-- Task inputs follows --
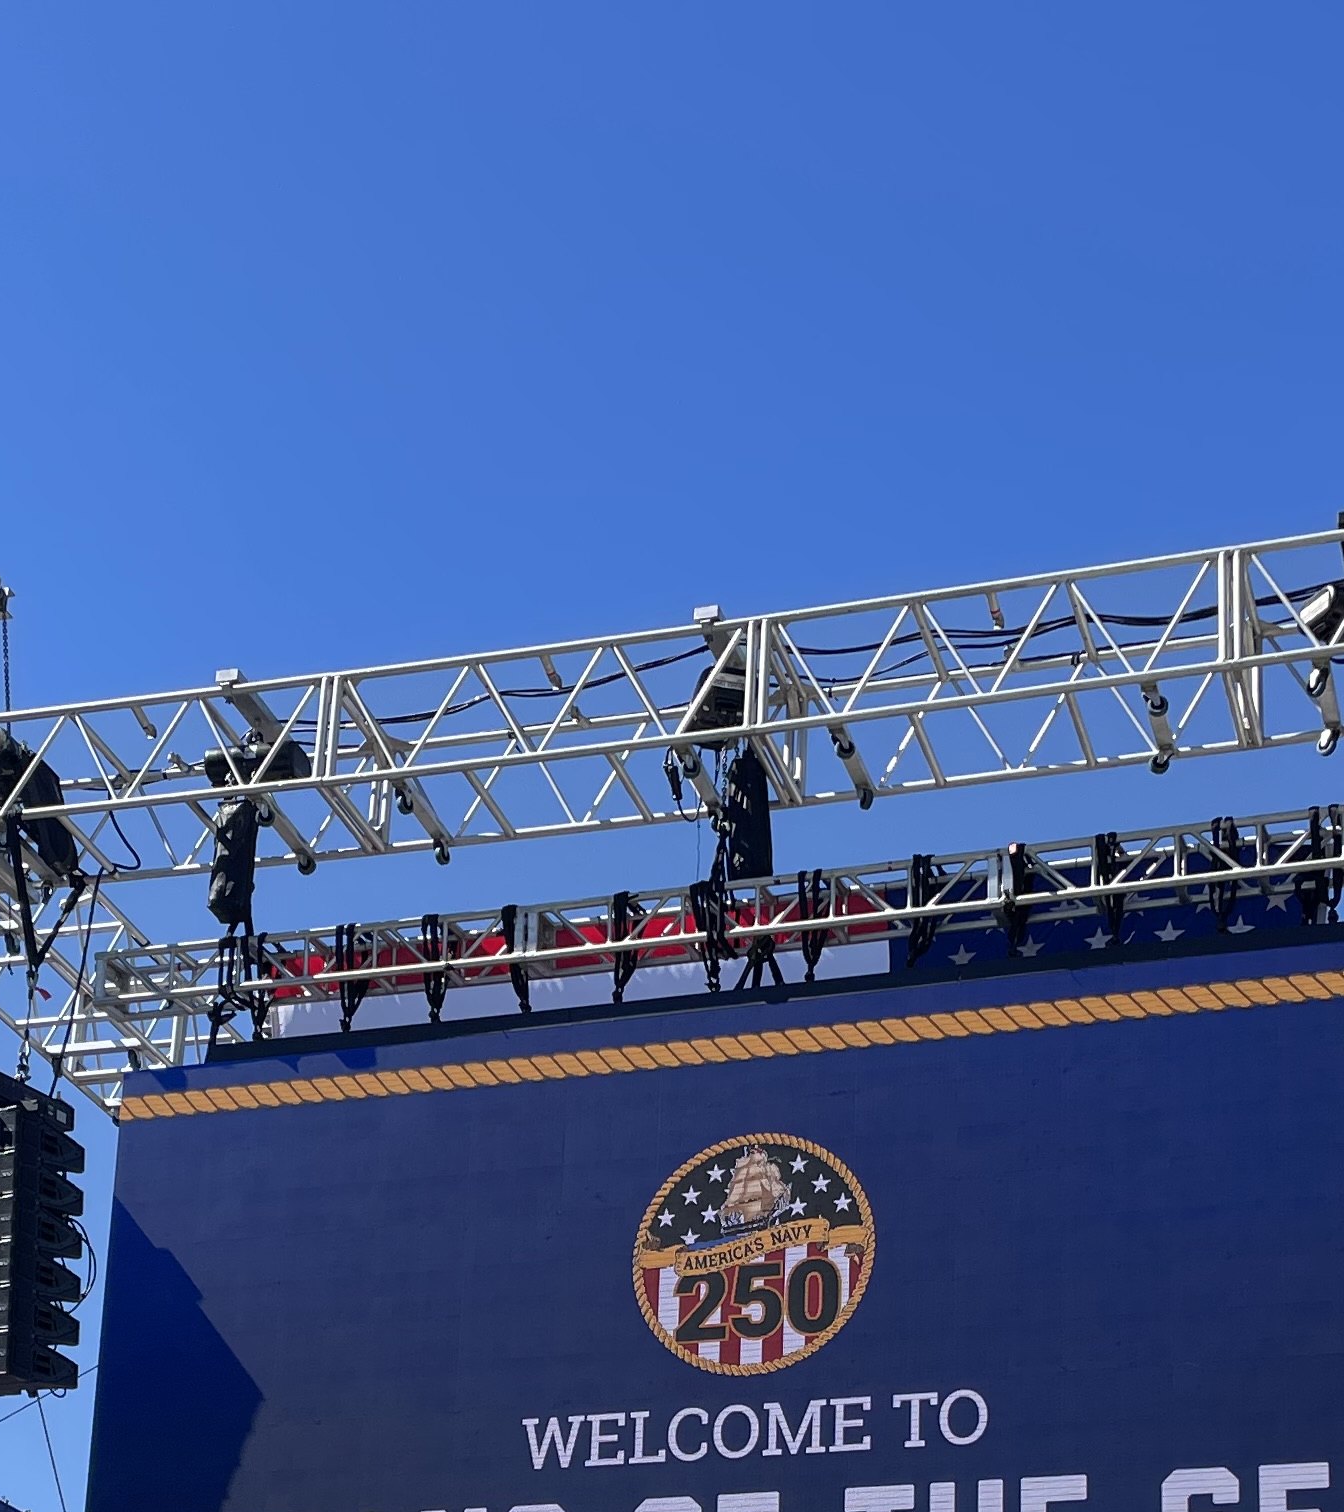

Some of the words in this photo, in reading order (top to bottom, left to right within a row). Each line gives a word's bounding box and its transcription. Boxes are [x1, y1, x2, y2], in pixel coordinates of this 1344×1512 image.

[682, 1237, 765, 1271] AMERICA'S
[770, 1223, 813, 1247] NAVY
[672, 1256, 843, 1344] 250
[522, 1395, 871, 1470] WELCOME
[892, 1389, 989, 1448] TO
-- Task inputs concluded --
Required work
All records above must be output exactly as they stand, excluding pictures.

Answer section
Some of the words in this photo, in reading order (top to bottom, left to right within a row). Each line gives a word's bounding box and its transcription. Boxes are [x1, y1, x2, y2], in pixel coordinates of this 1344×1512 image.

[682, 1237, 765, 1271] AMERICA'S
[770, 1223, 813, 1247] NAVY
[672, 1256, 843, 1344] 250
[522, 1395, 871, 1470] WELCOME
[892, 1389, 989, 1448] TO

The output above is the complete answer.